Can Digital Literacy Support Food and Nutrition Security?

Access to digital tools is now essential for adolescents to navigate food environments, learn about nutrition, and build skills for the future. Yet many youth in informal settlements or peri-urban areas lack tailored platforms that provide this guidance.

FSPN Africa working in collaboration with other partners fills this gap through:

  • Mobile learning platforms that deliver localized nutrition content in accessible formats.
  • SMS-based agricultural extension services for youth-led garden projects.
  • Gamified education tools to make food systems learning engaging and culturally relevant.

These platforms are being adapted to support city-level strategies to improve food literacy and youth inclusion, as recommended in local urban food dialogues supported by FAO and ICLEI Africa Food Systems Dialogues.

By equipping adolescents with digital tools and knowledge, these initiatives are not only empowering individual choices but also laying the groundwork for broader structural change—where youth-led and adolescents insights can inform and influence the very policies that shape urban food systems

What Are Cities Doing to Support Youth-Led Food Systems?

Urban food governance is evolving—and local governments are increasingly partnering with civil society actors like FSPN Africa to embed food into planning, infrastructure, and climate resilience strategies.
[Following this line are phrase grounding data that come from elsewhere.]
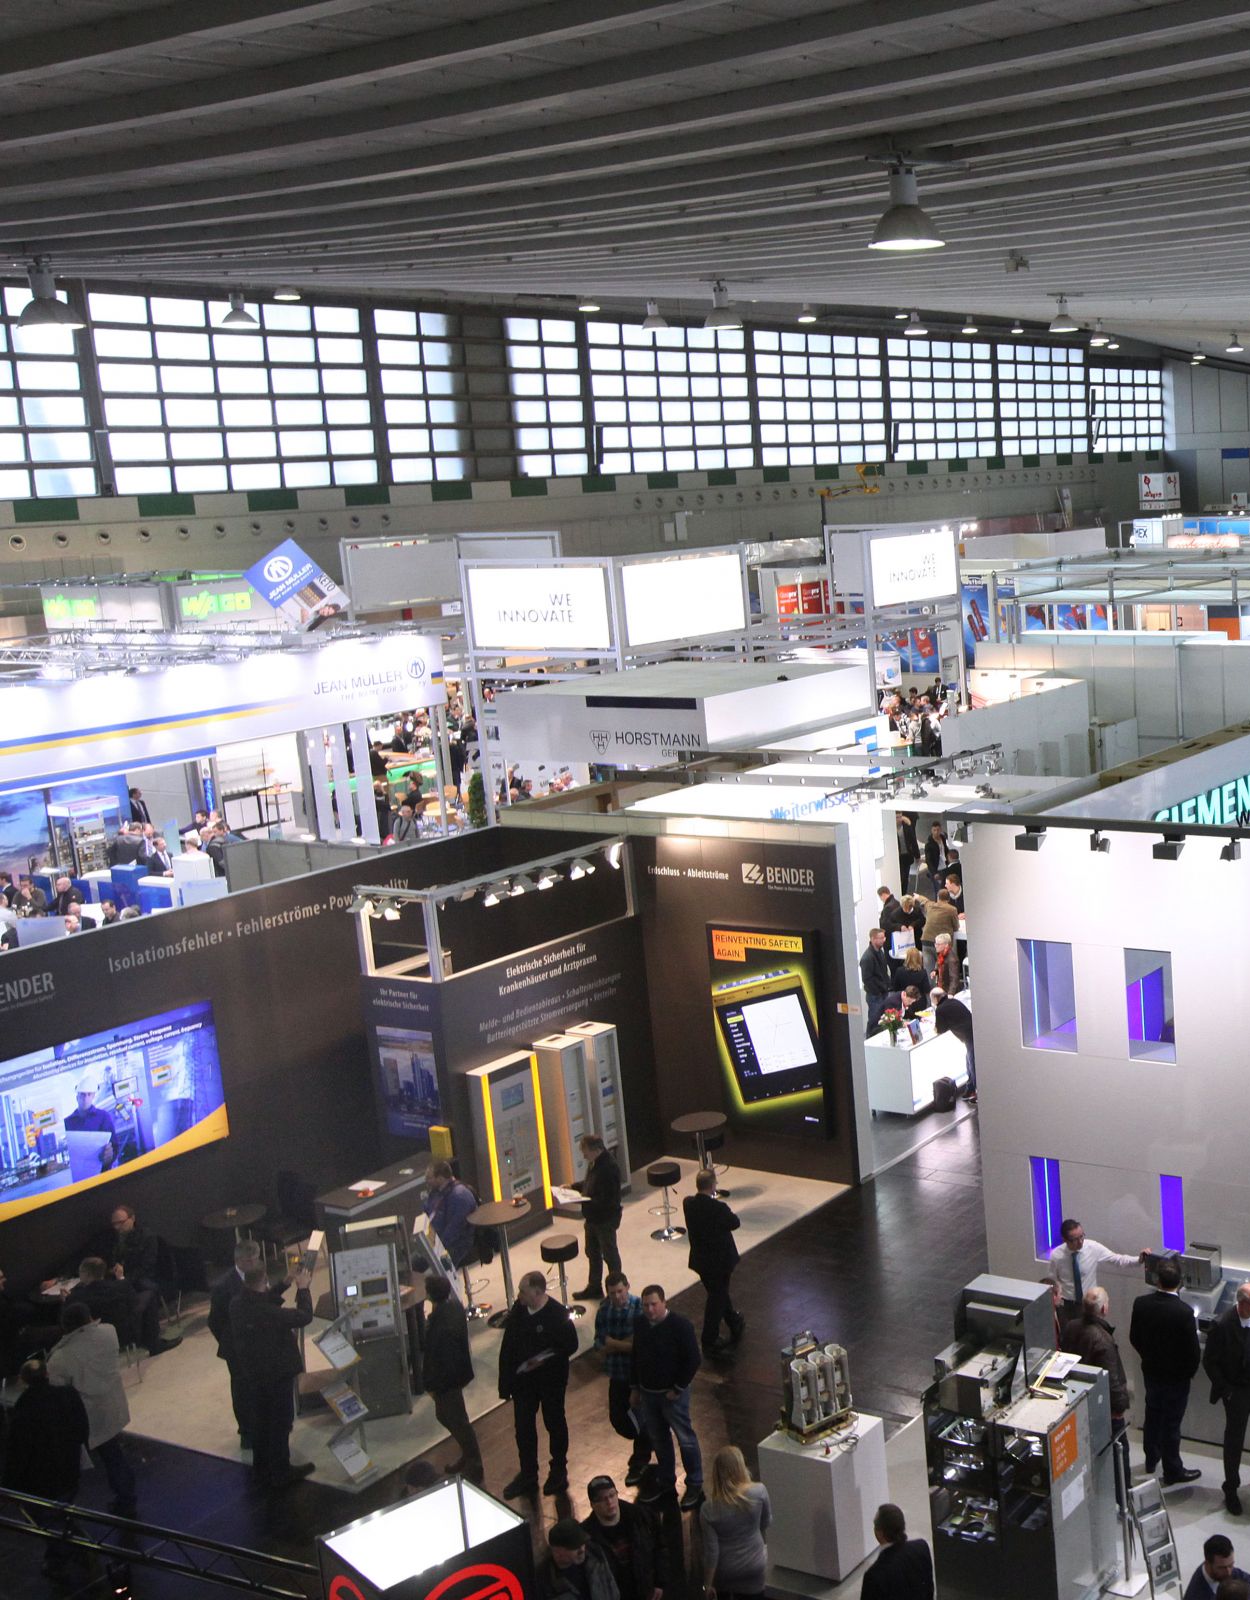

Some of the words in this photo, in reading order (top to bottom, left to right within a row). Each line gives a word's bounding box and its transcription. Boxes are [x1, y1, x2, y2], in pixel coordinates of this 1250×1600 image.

[182, 590, 252, 620] WAGO
[550, 593, 572, 606] WE
[498, 609, 575, 623] INNOVATE
[313, 680, 347, 696] JEAN
[615, 731, 701, 748] HORSTMANN
[769, 791, 851, 820] Weiterwisse
[647, 865, 680, 877] Erdschluss
[687, 868, 729, 880] Ableitströme
[766, 866, 815, 887] BENDER
[108, 928, 225, 974] Isolationsfehler
[236, 903, 321, 938] Fehlerströme
[329, 893, 353, 910] Pow
[506, 958, 543, 978] Elektrische
[543, 946, 576, 965] Sicherheit
[576, 943, 587, 954] für
[498, 971, 548, 998] Krankenhäuser
[549, 967, 562, 978] und
[563, 954, 598, 974] Arztpraxen
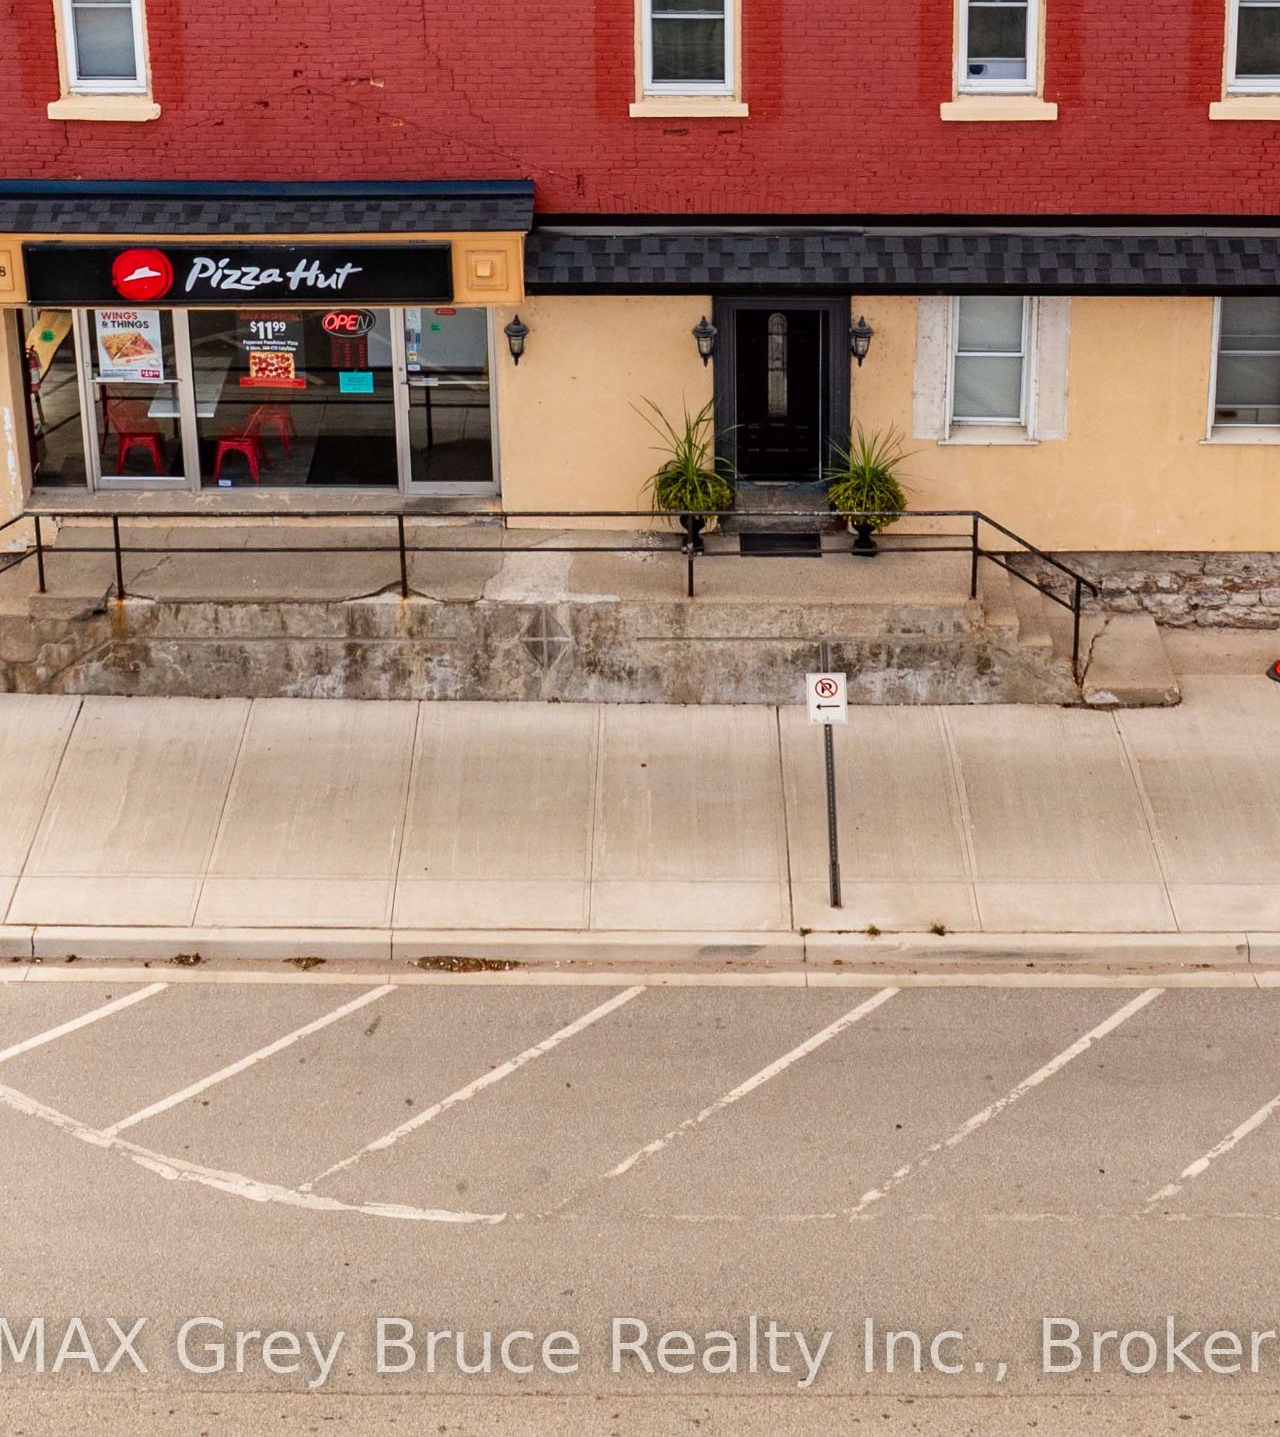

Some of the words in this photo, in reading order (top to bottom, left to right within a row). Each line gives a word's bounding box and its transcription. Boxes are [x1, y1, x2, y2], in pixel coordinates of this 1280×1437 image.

[185, 256, 283, 292] Pizza
[286, 258, 363, 290] Hut
[101, 311, 138, 320] WINGS
[111, 320, 150, 329] THINGS
[324, 314, 370, 330] OPEN
In Nairobi, the county government’s Food Systems Strategy (2021) recognizes the need to include informal vendors, urban farmers, and school-based initiatives in its broader development vision.

The strategy specifically calls for integrating agriculture into land-use planning and creating food-sensitive infrastructure.
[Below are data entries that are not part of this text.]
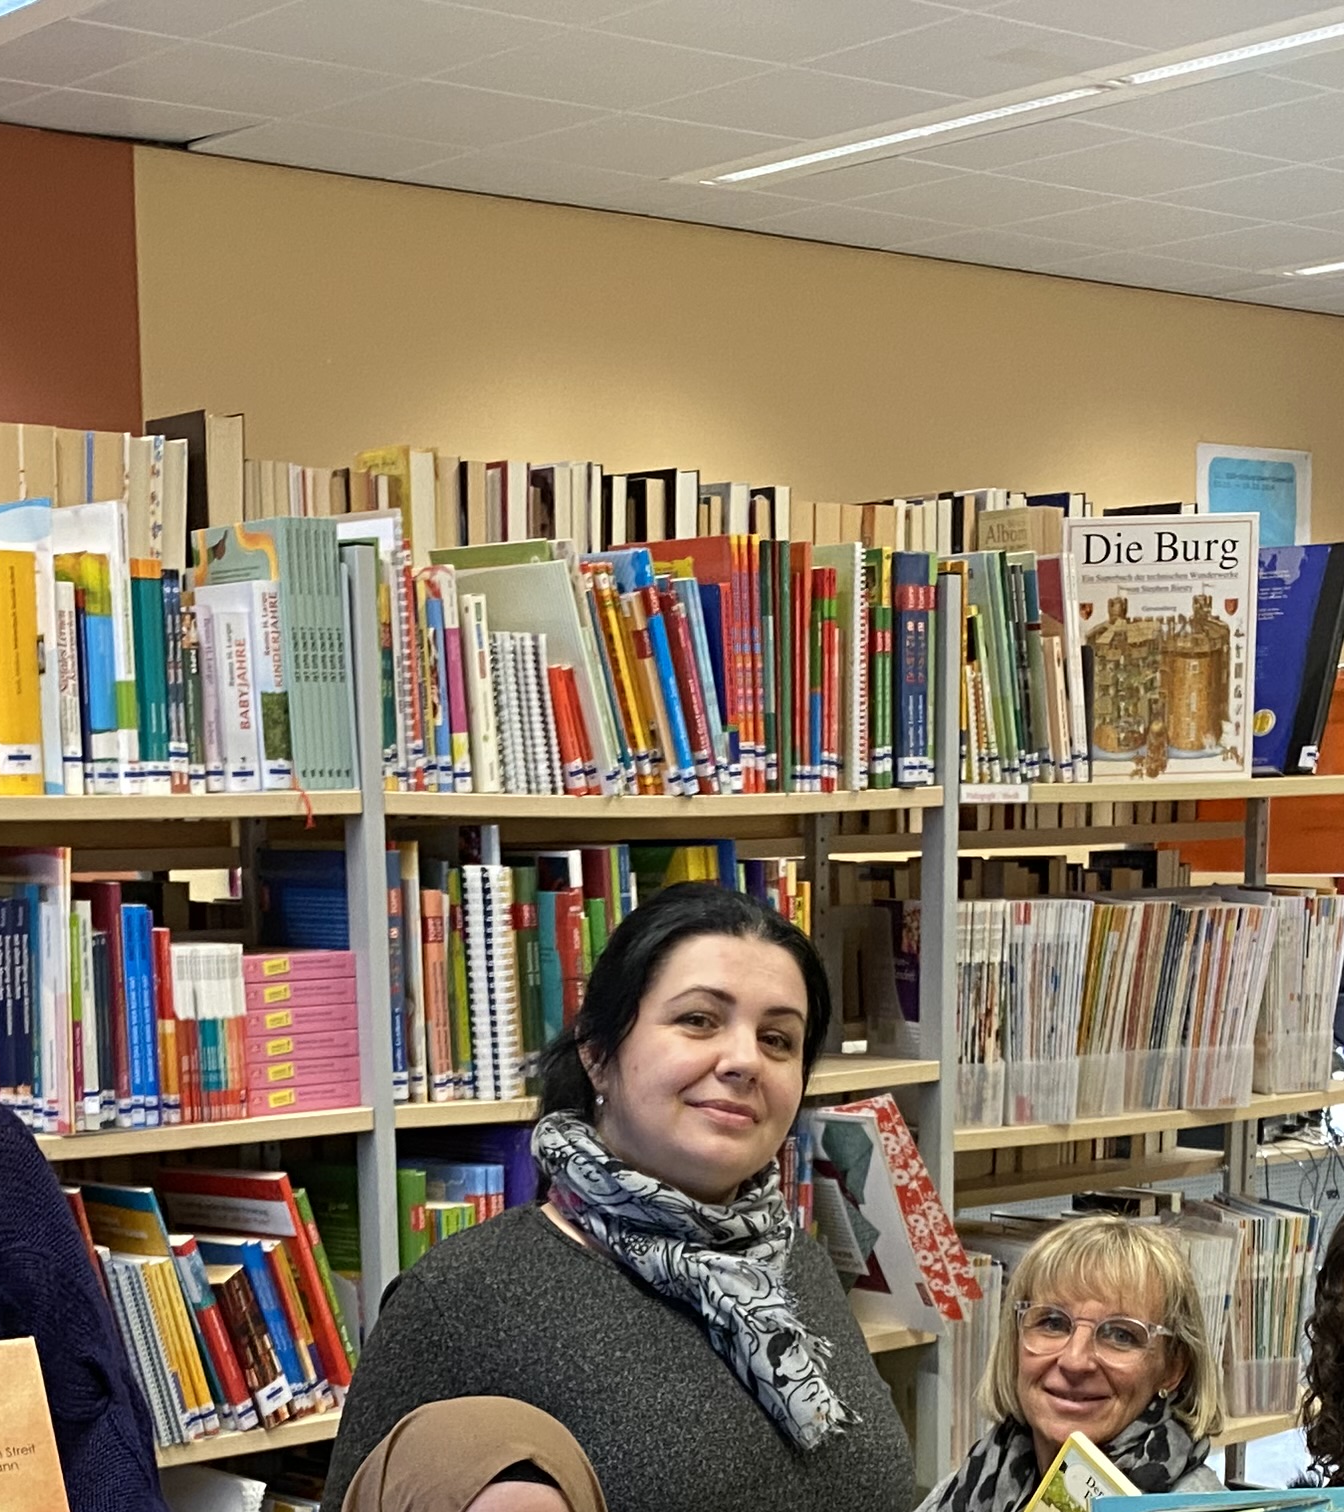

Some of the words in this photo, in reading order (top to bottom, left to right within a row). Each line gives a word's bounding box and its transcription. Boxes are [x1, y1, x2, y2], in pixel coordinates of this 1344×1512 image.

[1081, 532, 1144, 566] Die
[1153, 530, 1240, 570] Burg
[267, 591, 284, 688] KINDERJAHRE
[235, 638, 252, 730] BABYJAHRE
[5, 1443, 37, 1458] Streit
Also read: Your Land, Their Law: The New Bill May Compel You to Pay Rent on Your Own Land.

FSPN Africa contributes technical expertise and capacity-building support to help translate these goals into action—ensuring that policies produce impact in neighborhoods and schools.

Meanwhile, in Burkina Faso and Tanzania, FSPN Africa is working alongside academic and policy partners to localize these interventions. In Dar es Salaam, adolescents are being involved in co-creating ways to manage school gardens and monitor food diversity, while in Ouagadougou, city authorities are exploring ways to formalize peri-urban agriculture into municipal food supply chains.

What Impact Is Being Achieved—and What’s Ahead?

FSPN Africa’s programming under the broader food systems transformation agenda is looking at achieving:

  • Engagement of over 1,500 adolescents in urban agriculture and nutrition education programs together with other partners.
  • Establishment of more than 5 school and community gardens with composting and agroecological systems.
  • Using digital platforms like CVH.Africa for nutrition and health learning.
  • Increased capacity among educators and public health staff to deliver food systems content in classrooms.

These interventions are also contributing to data generation and behavioral research, helping cities and ministries understand what works in shaping adolescent health outcomes.

As urbanization accelerates and climate pressures mount, expanding these efforts across additional counties and city networks remains a priority.

Scale must be matched by inclusion—ensuring that youth, especially those in low-income urban areas, remain central to the food systems of the future.

Conclusion: Transforming Cities Through Youth, Innovation, and Food

Africa’s urban future demands new approaches to old problems. Malnutrition and NCDs are no longer distant threats—they are daily realities for millions of young people. But the solutions are within reach: a school garden in Kibera, a composting workshop in Kisumu, a digital nutrition app accessed by a teenager in Dar es Salaam.

FSPN Africa’s work demonstrates that when youth are empowered with tools, knowledge, and opportunity, they become leaders—not only of tomorrow, but of today’s most urgent food and health challenges.